Why People Confuse Cervical Fluid With Sperm
Some people searching this term may be noticing a fluid discharge and wondering if it’s related to sperm. What you’re almost certainly seeing is cervical mucus, which changes dramatically throughout the menstrual cycle. Early in the cycle it tends to be dry or sticky, like paste, and white or light yellow. Around days 7 to 9 it becomes creamy, with a yogurt-like consistency. Near ovulation (roughly days 10 to 14), it turns clear, stretchy, and slippery, often compared to raw egg whites. This fertile-window mucus can look strikingly similar to semen, which leads to confusion.
Cervical mucus is produced by the cervix and is a completely normal part of the reproductive cycle. It is not sperm, and females do not release sperm cells at any point.
Can Sperm Be Made From Female Cells?
There is active research into creating sperm-like cells from stem cells, including from people with XX chromosomes. This technology, called in vitro gametogenesis, has shown proof-of-concept results in mice. Researchers have successfully created egg cells from male (XY) mouse stem cells, though this required significant gene editing to convert the sex chromosomes. Work in the other direction, creating sperm from female cells, has reached very early stages, with human stem cells being coaxed into precursor sperm cells called prospermatogonia.

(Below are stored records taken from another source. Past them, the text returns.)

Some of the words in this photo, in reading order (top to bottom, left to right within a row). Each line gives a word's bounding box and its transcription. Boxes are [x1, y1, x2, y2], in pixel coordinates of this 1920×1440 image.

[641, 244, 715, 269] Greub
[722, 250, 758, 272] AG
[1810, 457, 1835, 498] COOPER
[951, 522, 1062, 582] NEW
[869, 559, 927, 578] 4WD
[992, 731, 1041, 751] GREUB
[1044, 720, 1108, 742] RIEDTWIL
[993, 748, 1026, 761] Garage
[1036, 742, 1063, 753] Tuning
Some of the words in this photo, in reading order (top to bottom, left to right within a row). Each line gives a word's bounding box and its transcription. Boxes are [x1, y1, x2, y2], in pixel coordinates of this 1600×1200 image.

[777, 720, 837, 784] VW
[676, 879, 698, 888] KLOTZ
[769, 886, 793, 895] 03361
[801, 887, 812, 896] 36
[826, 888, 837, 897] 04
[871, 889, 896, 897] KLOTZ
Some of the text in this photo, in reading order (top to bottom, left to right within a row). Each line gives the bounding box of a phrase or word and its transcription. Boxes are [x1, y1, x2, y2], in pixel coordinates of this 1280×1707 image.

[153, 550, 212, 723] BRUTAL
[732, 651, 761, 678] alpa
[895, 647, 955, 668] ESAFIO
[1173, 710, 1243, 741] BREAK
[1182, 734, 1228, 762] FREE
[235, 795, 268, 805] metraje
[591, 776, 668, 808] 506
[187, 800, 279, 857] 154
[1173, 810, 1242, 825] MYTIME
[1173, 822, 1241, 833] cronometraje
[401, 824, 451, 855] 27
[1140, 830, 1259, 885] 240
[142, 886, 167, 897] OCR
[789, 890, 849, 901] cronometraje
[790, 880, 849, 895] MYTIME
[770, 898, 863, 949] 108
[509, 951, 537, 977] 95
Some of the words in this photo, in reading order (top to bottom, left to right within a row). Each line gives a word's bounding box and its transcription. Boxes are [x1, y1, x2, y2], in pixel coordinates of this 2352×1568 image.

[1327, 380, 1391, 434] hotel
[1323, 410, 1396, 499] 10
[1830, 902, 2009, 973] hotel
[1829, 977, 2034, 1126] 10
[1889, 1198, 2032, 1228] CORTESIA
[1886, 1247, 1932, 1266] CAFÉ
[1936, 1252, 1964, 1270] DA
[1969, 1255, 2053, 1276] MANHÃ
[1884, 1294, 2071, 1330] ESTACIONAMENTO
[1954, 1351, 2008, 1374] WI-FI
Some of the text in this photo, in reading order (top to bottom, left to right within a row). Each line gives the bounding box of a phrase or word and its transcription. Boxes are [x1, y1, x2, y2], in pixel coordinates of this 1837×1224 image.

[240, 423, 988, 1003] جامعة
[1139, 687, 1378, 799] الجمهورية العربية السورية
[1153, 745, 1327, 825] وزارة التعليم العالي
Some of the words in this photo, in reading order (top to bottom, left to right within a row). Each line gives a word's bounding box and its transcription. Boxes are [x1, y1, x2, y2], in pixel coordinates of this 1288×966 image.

None of this work has produced functional human sperm from female cells. The research remains in its infancy for humans, and a 2025 review in Human Reproduction concluded that clinical application is likely more than a decade away, due to both technical hurdles and unresolved ethical questions. Primate egg development hasn’t even been fully replicated in the lab yet, let alone the more complex challenge of crossing sex-chromosome barriers to produce viable sperm. Any stem cell-derived sperm would, in theory, look like natural sperm under a microscope, since the goal is to replicate the same cell type. But that remains hypothetical for now.